Reproduce the records below in full and word for word, excluding pictures.

___ Data for processing ___

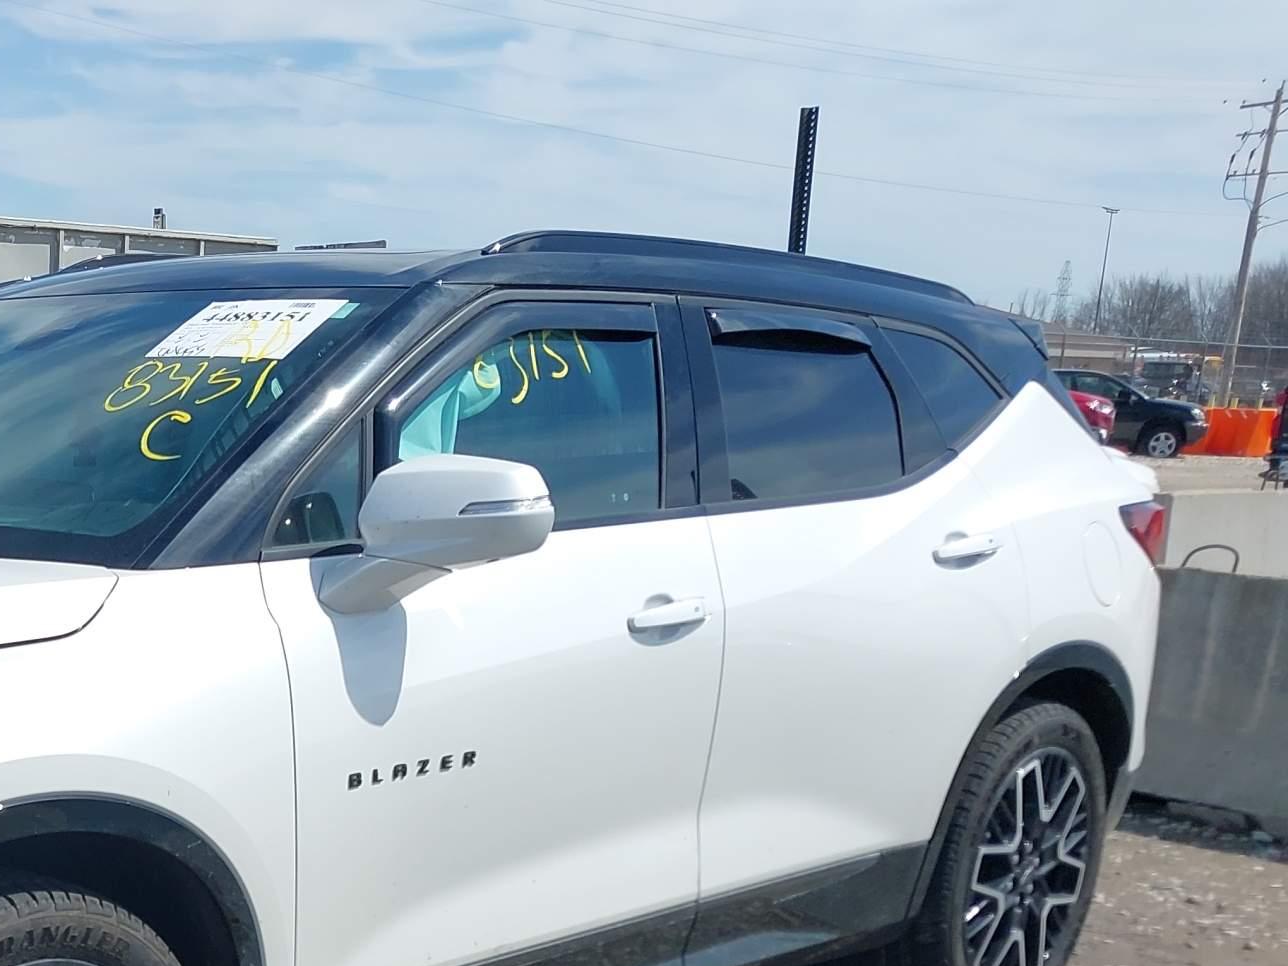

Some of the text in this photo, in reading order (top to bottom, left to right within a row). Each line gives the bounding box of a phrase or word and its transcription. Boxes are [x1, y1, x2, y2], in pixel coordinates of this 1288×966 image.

[202, 311, 312, 322] 44883151
[104, 359, 279, 412] 83151
[140, 409, 192, 461] C
[347, 750, 477, 791] BLAZER
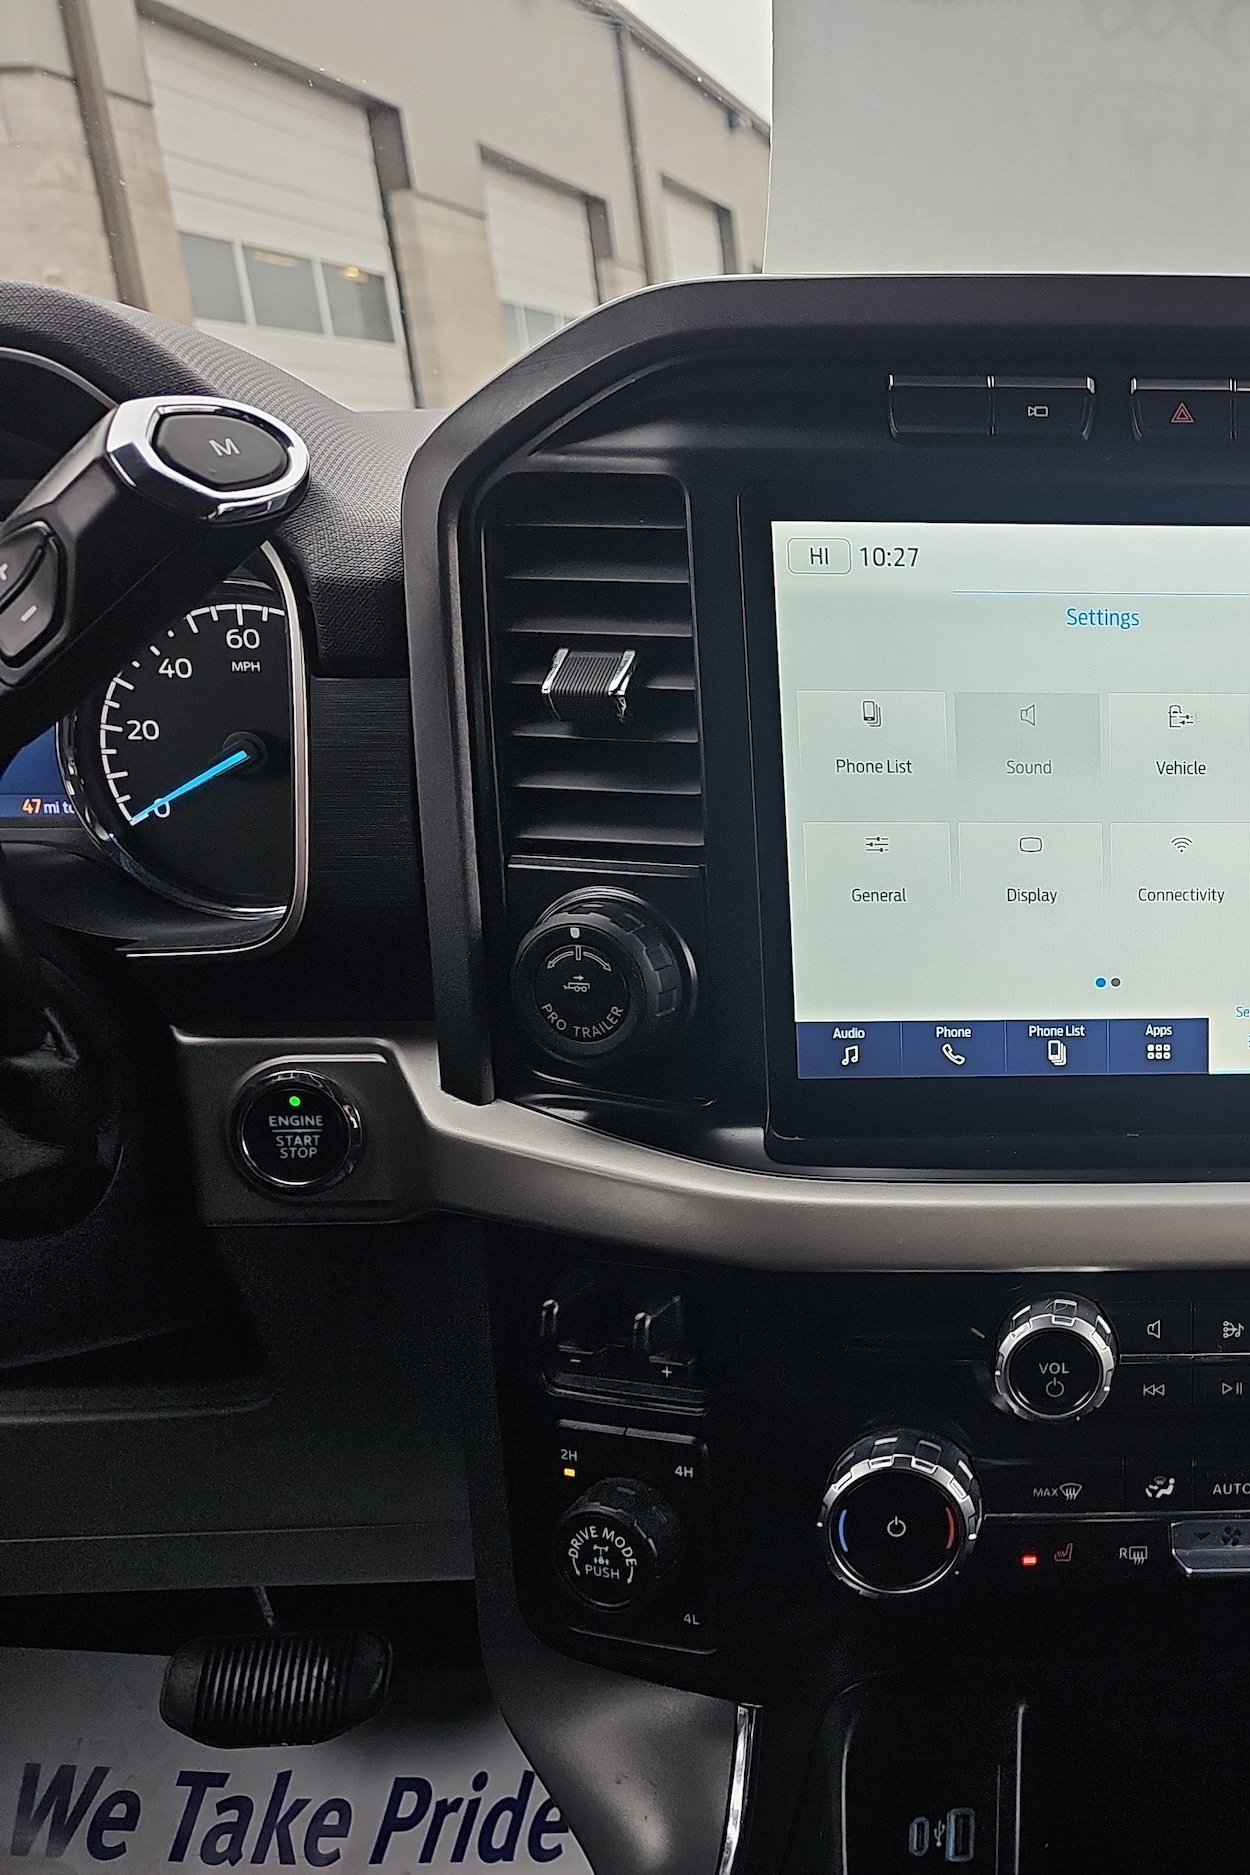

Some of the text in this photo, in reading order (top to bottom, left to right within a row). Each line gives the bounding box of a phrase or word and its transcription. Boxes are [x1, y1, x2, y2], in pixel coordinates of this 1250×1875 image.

[208, 437, 241, 458] M
[809, 547, 830, 566] HI
[858, 546, 920, 568] 10:27
[1065, 608, 1141, 630] Settings
[225, 628, 261, 650] 60
[157, 657, 194, 679] 40
[230, 660, 261, 673] MPH
[126, 719, 160, 741] 20
[835, 758, 913, 775] Phone List
[1005, 759, 1053, 776] Sound
[1155, 760, 1208, 776] Vehicle
[22, 798, 42, 815] 47
[43, 801, 60, 814] mi
[851, 887, 907, 903] General
[1006, 887, 1058, 905] Display
[1137, 887, 1226, 904] Connectivity
[541, 1003, 624, 1039] PRO TRAILER
[832, 1026, 867, 1040] Audio
[935, 1025, 973, 1039] Phone
[1028, 1024, 1086, 1038] Phone List
[1145, 1023, 1173, 1039] Apps
[268, 1115, 324, 1128] ENGINE
[275, 1134, 321, 1147] START
[279, 1147, 318, 1159] STOP
[1038, 1362, 1070, 1376] VOL
[560, 1448, 578, 1462] 2H
[674, 1465, 694, 1478] 4H
[1032, 1486, 1059, 1498] MAX
[568, 1525, 638, 1567] DRIVE MODE
[585, 1564, 620, 1580] PUSH
[683, 1613, 701, 1626] 4L
[9, 1761, 570, 1868] We Take Pride

___

> Completed exercise:
Some of the text in this photo, in reading order (top to bottom, left to right within a row). Each line gives the bounding box of a phrase or word and its transcription. Boxes are [x1, y1, x2, y2], in pixel coordinates of this 1288×966 image.

[202, 311, 312, 322] 44883151
[104, 359, 279, 412] 83151
[140, 409, 192, 461] C
[347, 750, 477, 791] BLAZER

Some of the text in this photo, in reading order (top to bottom, left to right within a row). Each line gives the bounding box of a phrase or word and its transcription. Boxes are [x1, y1, x2, y2], in pixel coordinates of this 1250×1875 image.

[208, 437, 241, 458] M
[809, 547, 830, 566] HI
[858, 546, 920, 568] 10:27
[1065, 608, 1141, 630] Settings
[225, 628, 261, 650] 60
[157, 657, 194, 679] 40
[230, 660, 261, 673] MPH
[126, 719, 160, 741] 20
[835, 758, 913, 775] Phone List
[1005, 759, 1053, 776] Sound
[1155, 760, 1208, 776] Vehicle
[22, 798, 42, 815] 47
[43, 801, 60, 814] mi
[851, 887, 907, 903] General
[1006, 887, 1058, 905] Display
[1137, 887, 1226, 904] Connectivity
[541, 1003, 624, 1039] PRO TRAILER
[832, 1026, 867, 1040] Audio
[935, 1025, 973, 1039] Phone
[1028, 1024, 1086, 1038] Phone List
[1145, 1023, 1173, 1039] Apps
[268, 1115, 324, 1128] ENGINE
[275, 1134, 321, 1147] START
[279, 1147, 318, 1159] STOP
[1038, 1362, 1070, 1376] VOL
[560, 1448, 578, 1462] 2H
[674, 1465, 694, 1478] 4H
[1032, 1486, 1059, 1498] MAX
[568, 1525, 638, 1567] DRIVE MODE
[585, 1564, 620, 1580] PUSH
[683, 1613, 701, 1626] 4L
[9, 1761, 570, 1868] We Take Pride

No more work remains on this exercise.